#### [STUDY MATERIAL]
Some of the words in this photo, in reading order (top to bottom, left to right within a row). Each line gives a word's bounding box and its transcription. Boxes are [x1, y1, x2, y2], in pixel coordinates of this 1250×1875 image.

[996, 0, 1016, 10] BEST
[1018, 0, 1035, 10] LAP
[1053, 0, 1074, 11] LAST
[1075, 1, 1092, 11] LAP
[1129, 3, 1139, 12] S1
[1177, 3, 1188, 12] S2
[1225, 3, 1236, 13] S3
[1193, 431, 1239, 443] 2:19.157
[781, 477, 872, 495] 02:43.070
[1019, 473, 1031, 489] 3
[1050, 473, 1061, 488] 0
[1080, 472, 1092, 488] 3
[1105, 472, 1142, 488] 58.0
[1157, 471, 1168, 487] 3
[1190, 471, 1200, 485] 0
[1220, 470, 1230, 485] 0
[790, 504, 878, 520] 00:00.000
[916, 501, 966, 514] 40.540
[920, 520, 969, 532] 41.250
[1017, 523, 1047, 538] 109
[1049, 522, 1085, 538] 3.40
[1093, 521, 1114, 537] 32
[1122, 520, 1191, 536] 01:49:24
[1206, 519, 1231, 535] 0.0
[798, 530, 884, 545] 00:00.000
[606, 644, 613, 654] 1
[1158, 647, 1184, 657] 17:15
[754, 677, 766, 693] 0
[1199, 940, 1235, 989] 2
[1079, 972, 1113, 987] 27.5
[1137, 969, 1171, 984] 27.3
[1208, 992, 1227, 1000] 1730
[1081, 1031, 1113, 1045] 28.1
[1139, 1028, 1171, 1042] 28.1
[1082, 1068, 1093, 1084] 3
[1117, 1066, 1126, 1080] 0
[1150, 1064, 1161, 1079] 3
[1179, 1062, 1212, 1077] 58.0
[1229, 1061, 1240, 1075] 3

#### [WHAT IS BEING ASKED]
Every record above is to be given again precisely.

#### [RESPONSE AREA]
Some of the words in this photo, in reading order (top to bottom, left to right within a row). Each line gives a word's bounding box and its transcription. Boxes are [x1, y1, x2, y2], in pixel coordinates of this 1250×1875 image.

[996, 0, 1016, 10] BEST
[1018, 0, 1035, 10] LAP
[1053, 0, 1074, 11] LAST
[1075, 1, 1092, 11] LAP
[1129, 3, 1139, 12] S1
[1177, 3, 1188, 12] S2
[1225, 3, 1236, 13] S3
[1193, 431, 1239, 443] 2:19.157
[781, 477, 872, 495] 02:43.070
[1019, 473, 1031, 489] 3
[1050, 473, 1061, 488] 0
[1080, 472, 1092, 488] 3
[1105, 472, 1142, 488] 58.0
[1157, 471, 1168, 487] 3
[1190, 471, 1200, 485] 0
[1220, 470, 1230, 485] 0
[790, 504, 878, 520] 00:00.000
[916, 501, 966, 514] 40.540
[920, 520, 969, 532] 41.250
[1017, 523, 1047, 538] 109
[1049, 522, 1085, 538] 3.40
[1093, 521, 1114, 537] 32
[1122, 520, 1191, 536] 01:49:24
[1206, 519, 1231, 535] 0.0
[798, 530, 884, 545] 00:00.000
[606, 644, 613, 654] 1
[1158, 647, 1184, 657] 17:15
[754, 677, 766, 693] 0
[1199, 940, 1235, 989] 2
[1079, 972, 1113, 987] 27.5
[1137, 969, 1171, 984] 27.3
[1208, 992, 1227, 1000] 1730
[1081, 1031, 1113, 1045] 28.1
[1139, 1028, 1171, 1042] 28.1
[1082, 1068, 1093, 1084] 3
[1117, 1066, 1126, 1080] 0
[1150, 1064, 1161, 1079] 3
[1179, 1062, 1212, 1077] 58.0
[1229, 1061, 1240, 1075] 3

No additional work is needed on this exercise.